▶ _What this task involves_:
Write out the entries verbatim and leave the images out of the copy.

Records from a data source

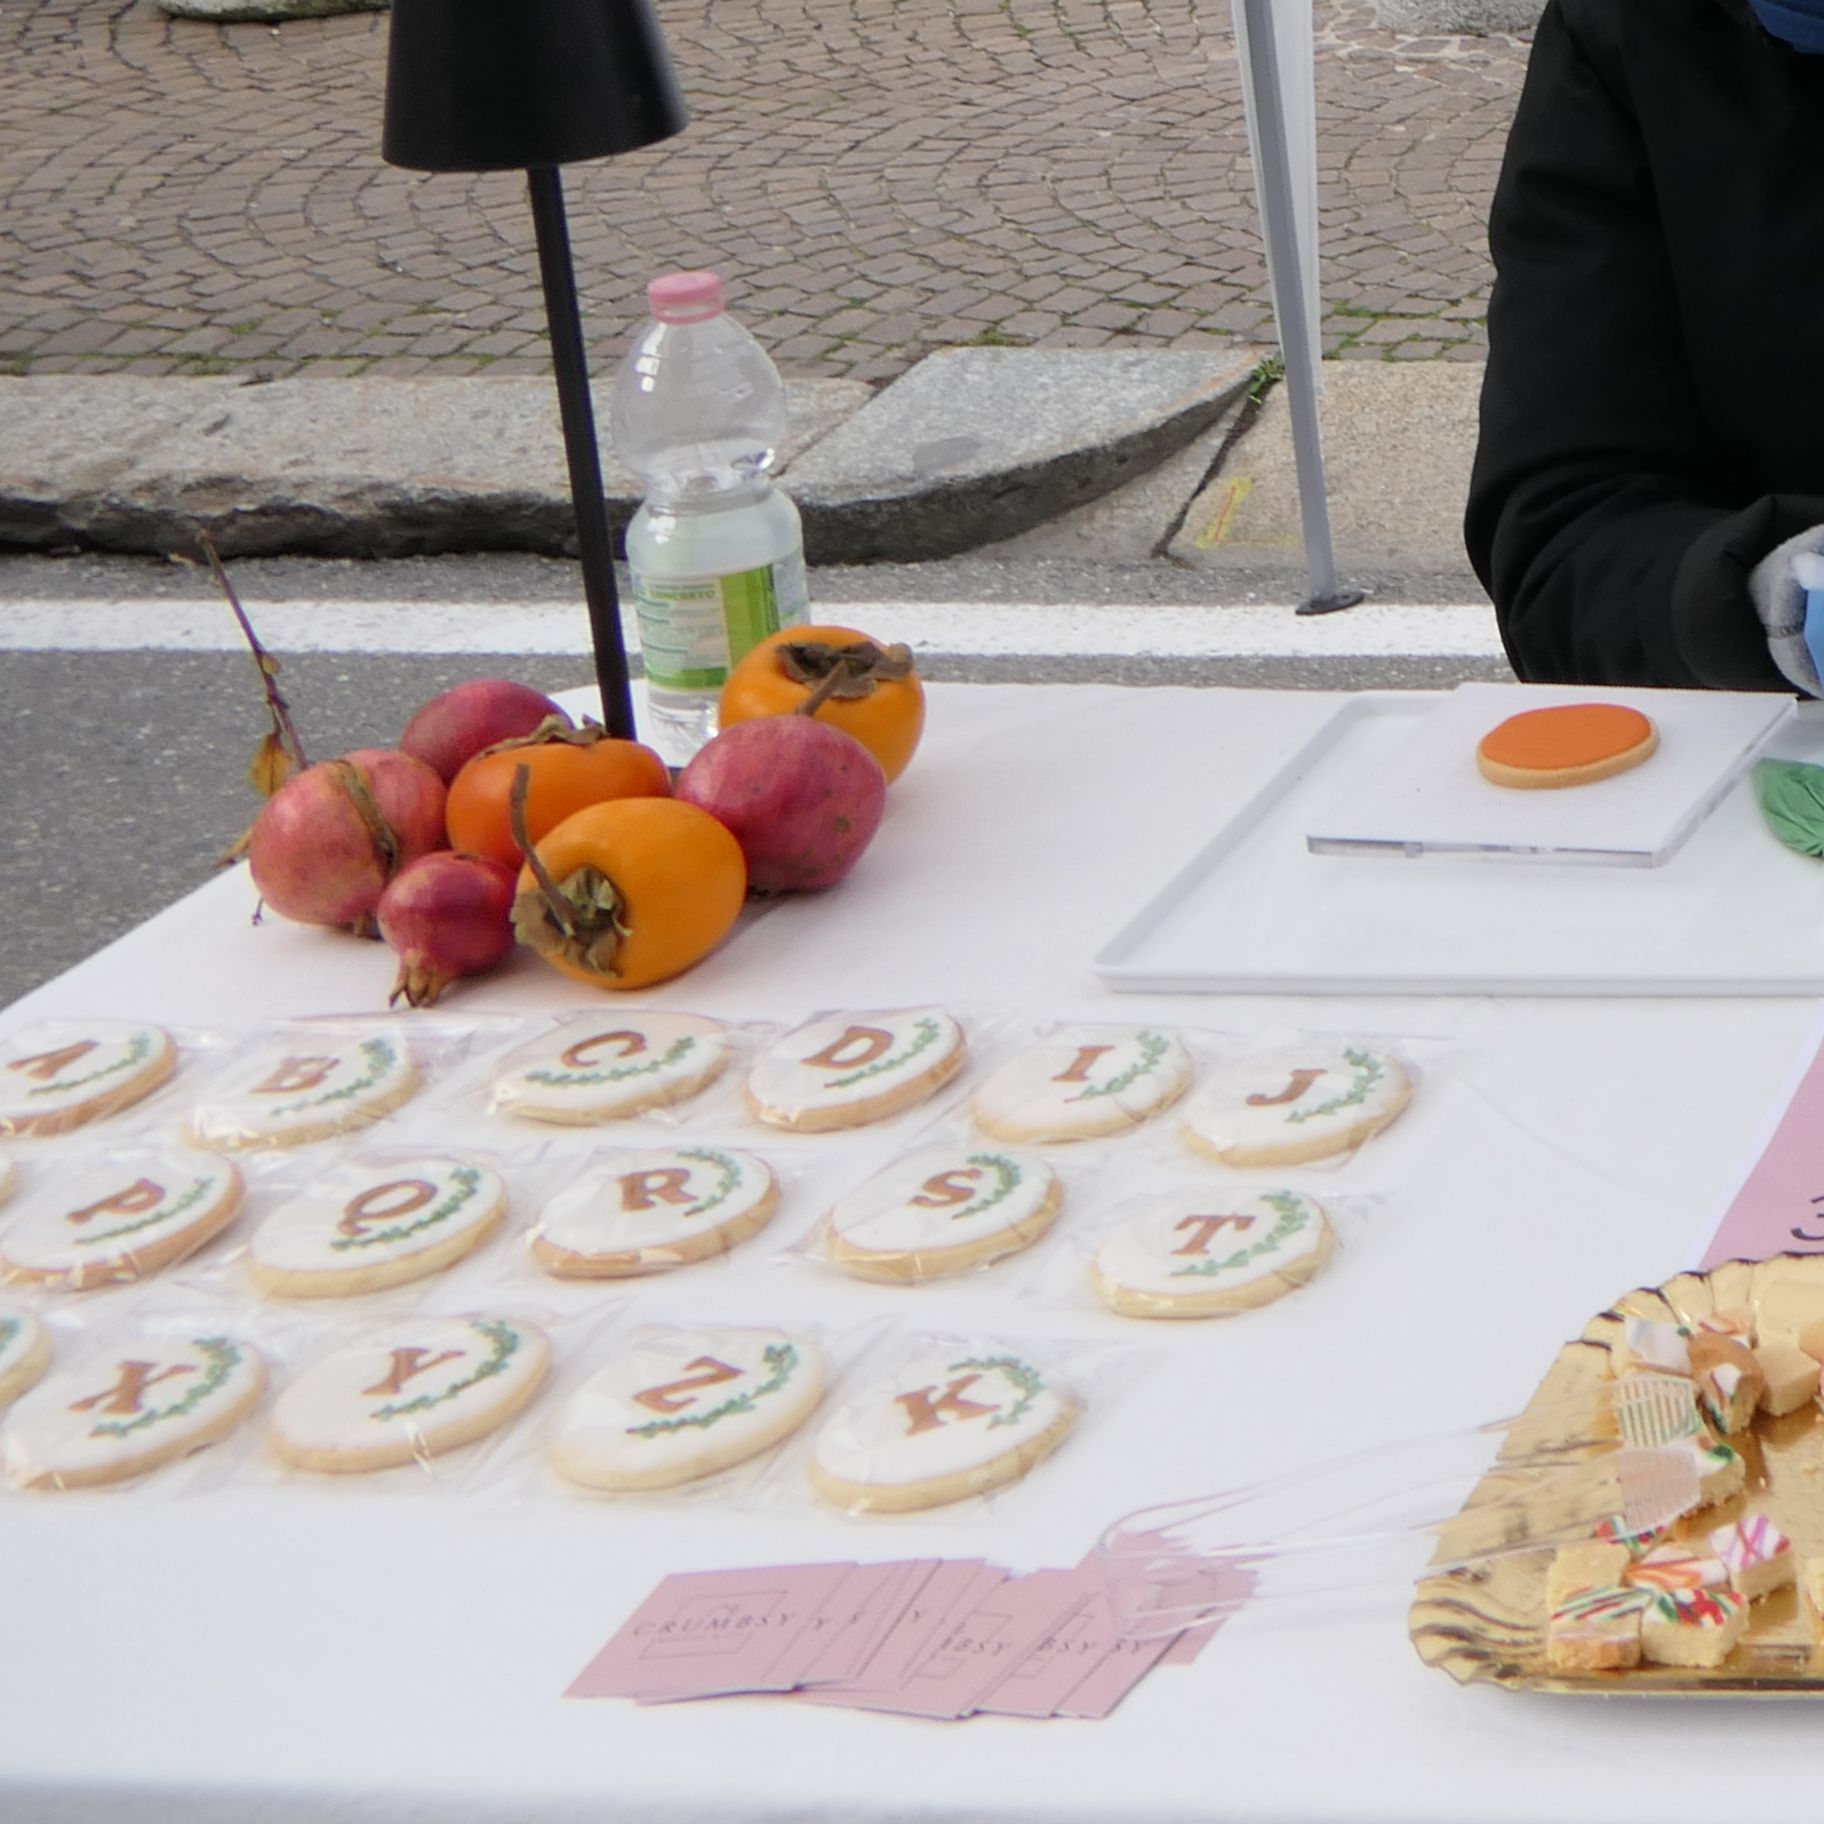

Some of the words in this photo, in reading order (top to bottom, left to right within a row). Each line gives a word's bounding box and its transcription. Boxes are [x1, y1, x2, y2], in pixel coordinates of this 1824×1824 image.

[561, 1031, 648, 1067] C
[800, 1025, 895, 1069] D
[1051, 1045, 1116, 1083] I
[1245, 1068, 1328, 1107] J
[66, 1179, 166, 1224] P
[618, 1168, 701, 1213] R
[910, 1169, 983, 1209] S
[1170, 1214, 1256, 1256] T
[67, 1360, 199, 1416] X
[361, 1347, 467, 1396] Y
[632, 1356, 745, 1413] Z
[894, 1375, 1001, 1438] K

▶ _Final answer_:
Some of the words in this photo, in reading order (top to bottom, left to right within a row). Each line gives a word's bounding box and its transcription. Boxes are [x1, y1, x2, y2], in pixel coordinates of this 1824×1824 image.

[561, 1031, 648, 1067] C
[800, 1025, 895, 1069] D
[1051, 1045, 1116, 1083] I
[1245, 1068, 1328, 1107] J
[66, 1179, 166, 1224] P
[618, 1168, 701, 1213] R
[910, 1169, 983, 1209] S
[1170, 1214, 1256, 1256] T
[67, 1360, 199, 1416] X
[361, 1347, 467, 1396] Y
[632, 1356, 745, 1413] Z
[894, 1375, 1001, 1438] K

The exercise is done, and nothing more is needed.